WHAT THE TASK ASKS
Would you restate each line of the data below word for word, without its pictures?

::: TASK INPUT

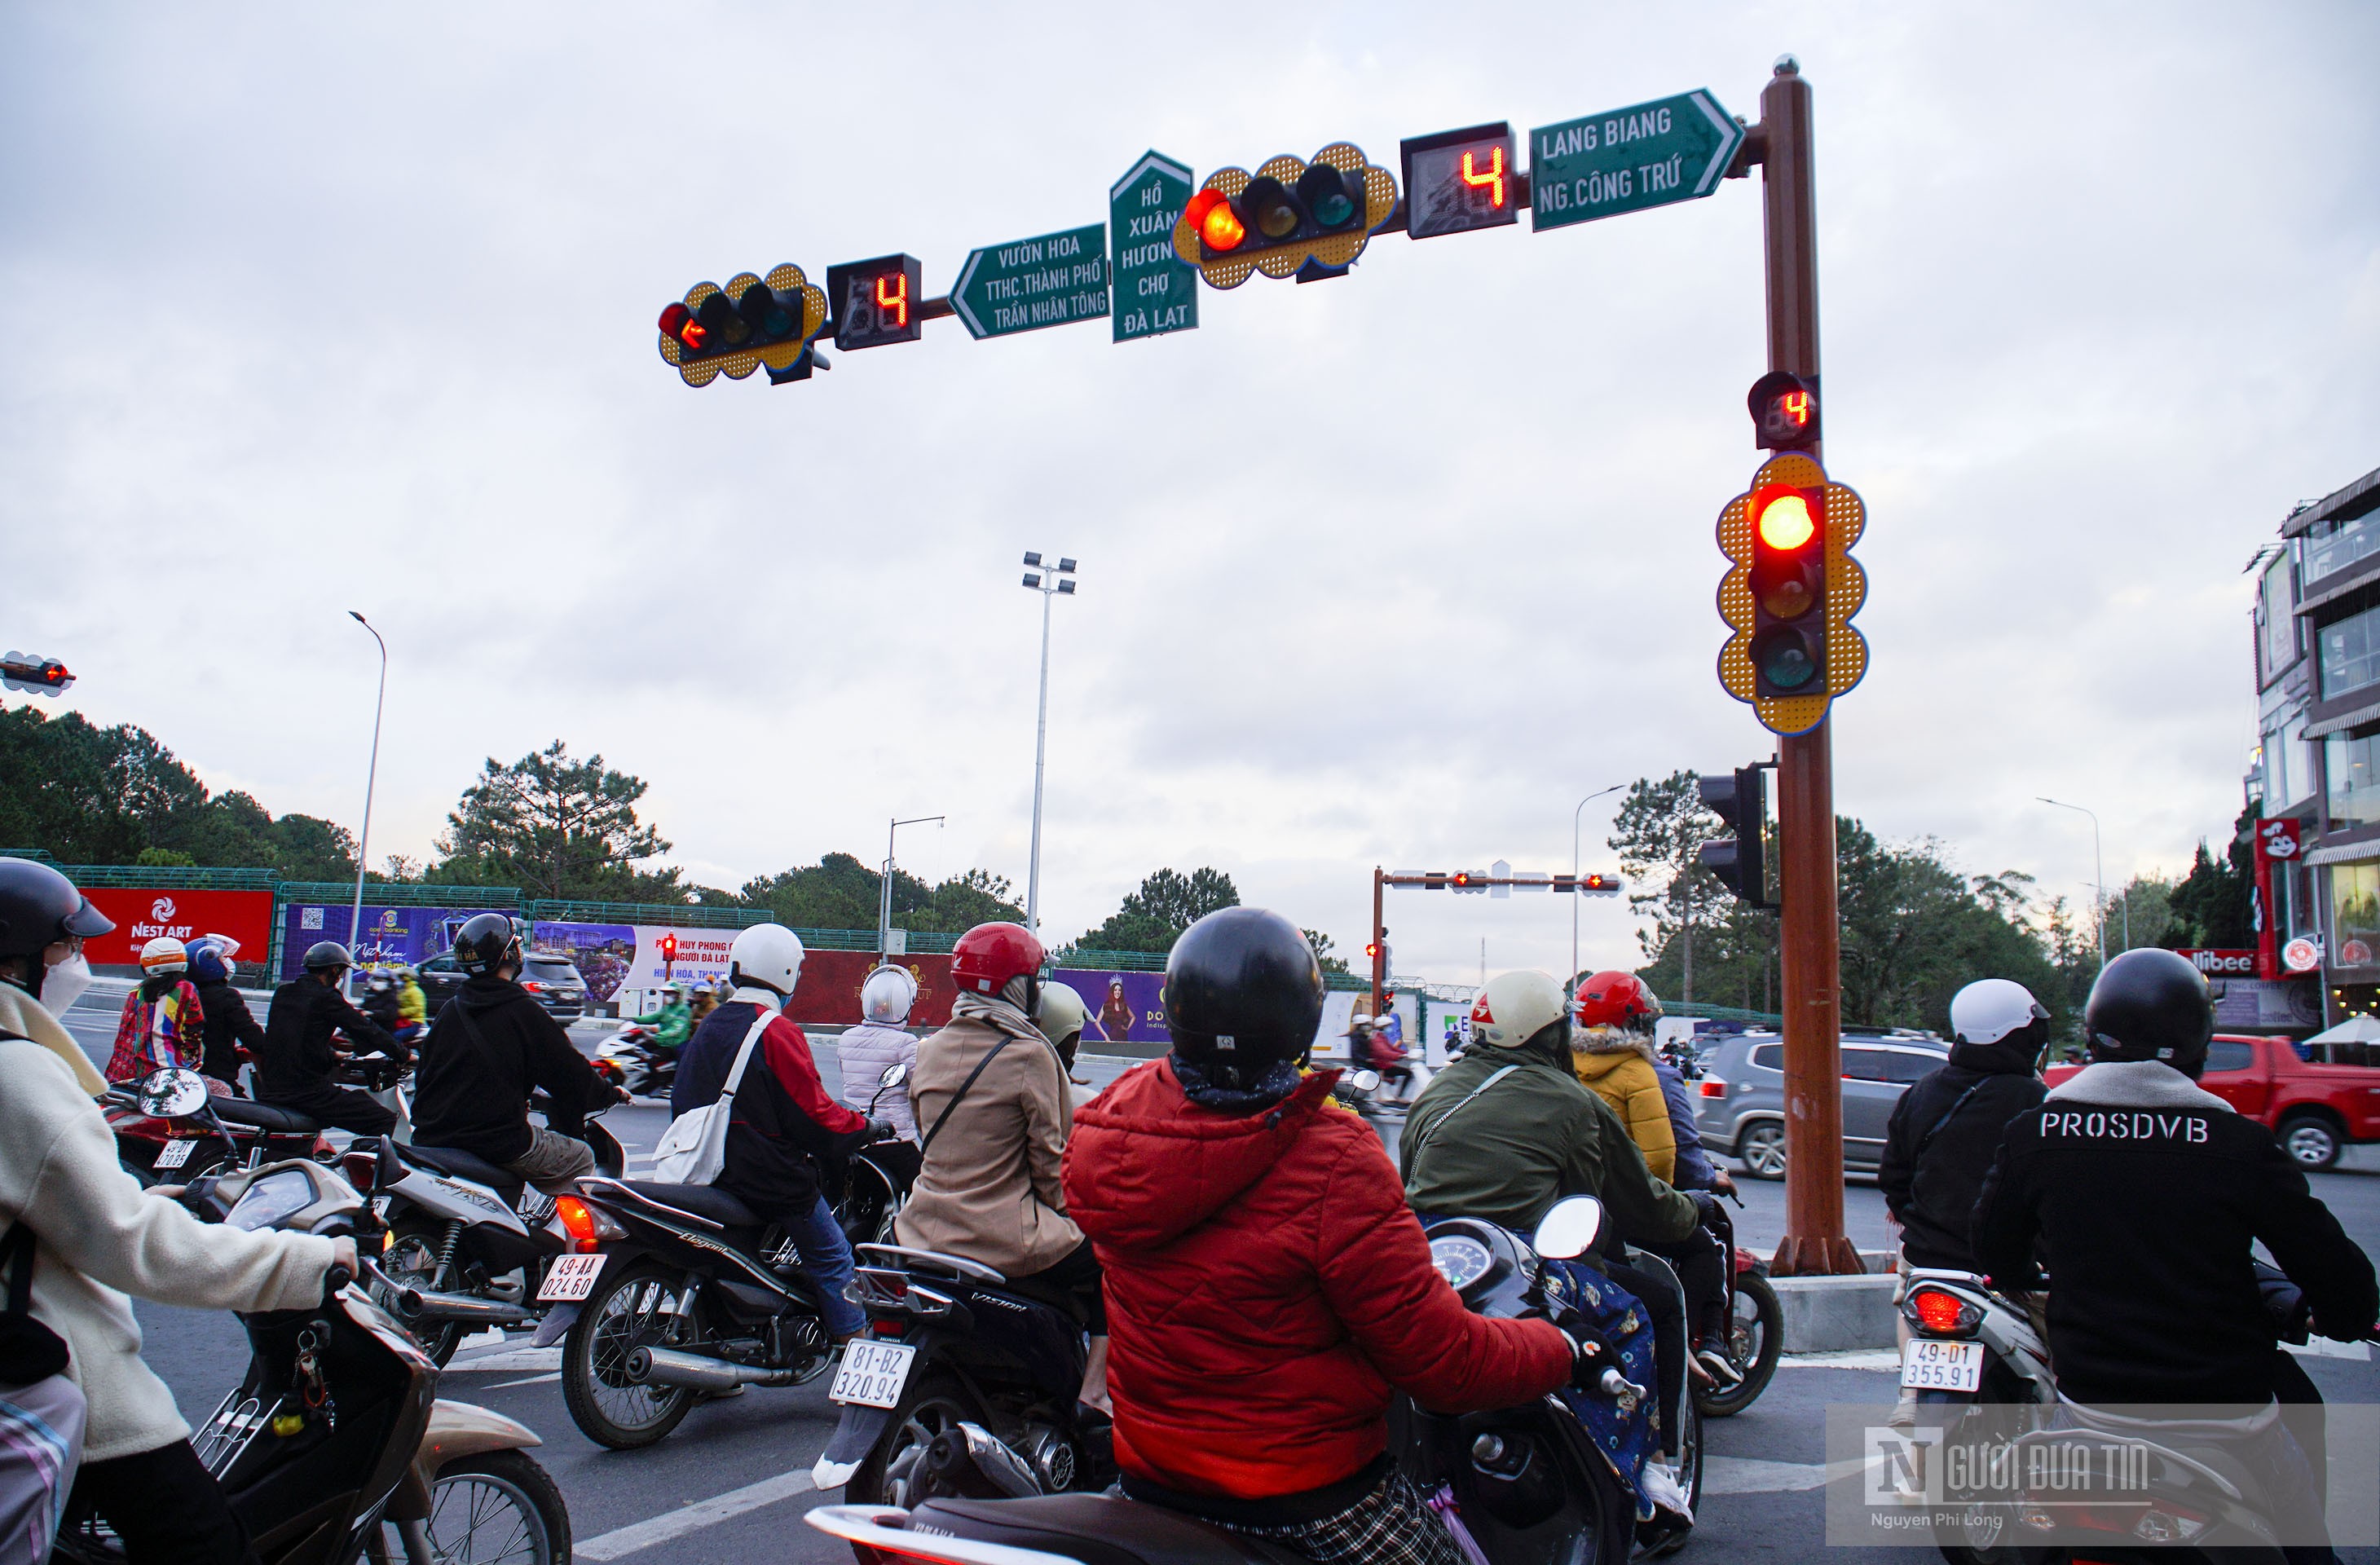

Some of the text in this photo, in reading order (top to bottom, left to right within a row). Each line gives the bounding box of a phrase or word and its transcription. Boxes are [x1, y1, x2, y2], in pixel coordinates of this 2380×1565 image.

[1542, 107, 1672, 160] LANG BIANG
[1461, 145, 1504, 209] 4
[1539, 152, 1683, 214] NG.CÔNG TRỨ
[1141, 179, 1162, 207] HỒ
[1129, 209, 1178, 237] XUÂN
[998, 235, 1081, 269] VƯỜN HOA
[1122, 240, 1173, 269] HƯƠN
[985, 253, 1103, 302] TTHC.THÀNH PHỐ
[1138, 271, 1170, 296] CHỢ
[877, 272, 906, 326] 4
[994, 290, 1106, 329] TRẦN NHÂN TÔNG
[1123, 304, 1188, 333] ĐÀ LẠT
[1785, 390, 1808, 425] 4
[131, 921, 192, 938] NEST ART
[679, 940, 696, 950] HUY
[698, 941, 727, 951] PHONG
[701, 951, 713, 963] ĐÀ
[715, 954, 729, 965] LẠT
[2192, 950, 2252, 972] llibee
[2040, 1112, 2209, 1143] PROSDVB
[678, 1232, 729, 1254] Elegant
[558, 1258, 597, 1276] 49-AA
[971, 1291, 1028, 1312] VISION
[853, 1345, 903, 1375] 81-B2
[1918, 1342, 1970, 1365] 49-D1
[835, 1371, 897, 1404] 320.94
[1907, 1364, 1974, 1387] 355.91

::::::

WRITTEN REPLY
Some of the text in this photo, in reading order (top to bottom, left to right within a row). Each line gives the bounding box of a phrase or word and its transcription. Boxes are [x1, y1, x2, y2], in pixel coordinates of this 2380×1565 image.

[1542, 107, 1672, 160] LANG BIANG
[1461, 145, 1504, 209] 4
[1539, 152, 1683, 214] NG.CÔNG TRỨ
[1141, 179, 1162, 207] HỒ
[1129, 209, 1178, 237] XUÂN
[998, 235, 1081, 269] VƯỜN HOA
[1122, 240, 1173, 269] HƯƠN
[985, 253, 1103, 302] TTHC.THÀNH PHỐ
[1138, 271, 1170, 296] CHỢ
[877, 272, 906, 326] 4
[994, 290, 1106, 329] TRẦN NHÂN TÔNG
[1123, 304, 1188, 333] ĐÀ LẠT
[1785, 390, 1808, 425] 4
[131, 921, 192, 938] NEST ART
[679, 940, 696, 950] HUY
[698, 941, 727, 951] PHONG
[701, 951, 713, 963] ĐÀ
[715, 954, 729, 965] LẠT
[2192, 950, 2252, 972] llibee
[2040, 1112, 2209, 1143] PROSDVB
[678, 1232, 729, 1254] Elegant
[558, 1258, 597, 1276] 49-AA
[971, 1291, 1028, 1312] VISION
[853, 1345, 903, 1375] 81-B2
[1918, 1342, 1970, 1365] 49-D1
[835, 1371, 897, 1404] 320.94
[1907, 1364, 1974, 1387] 355.91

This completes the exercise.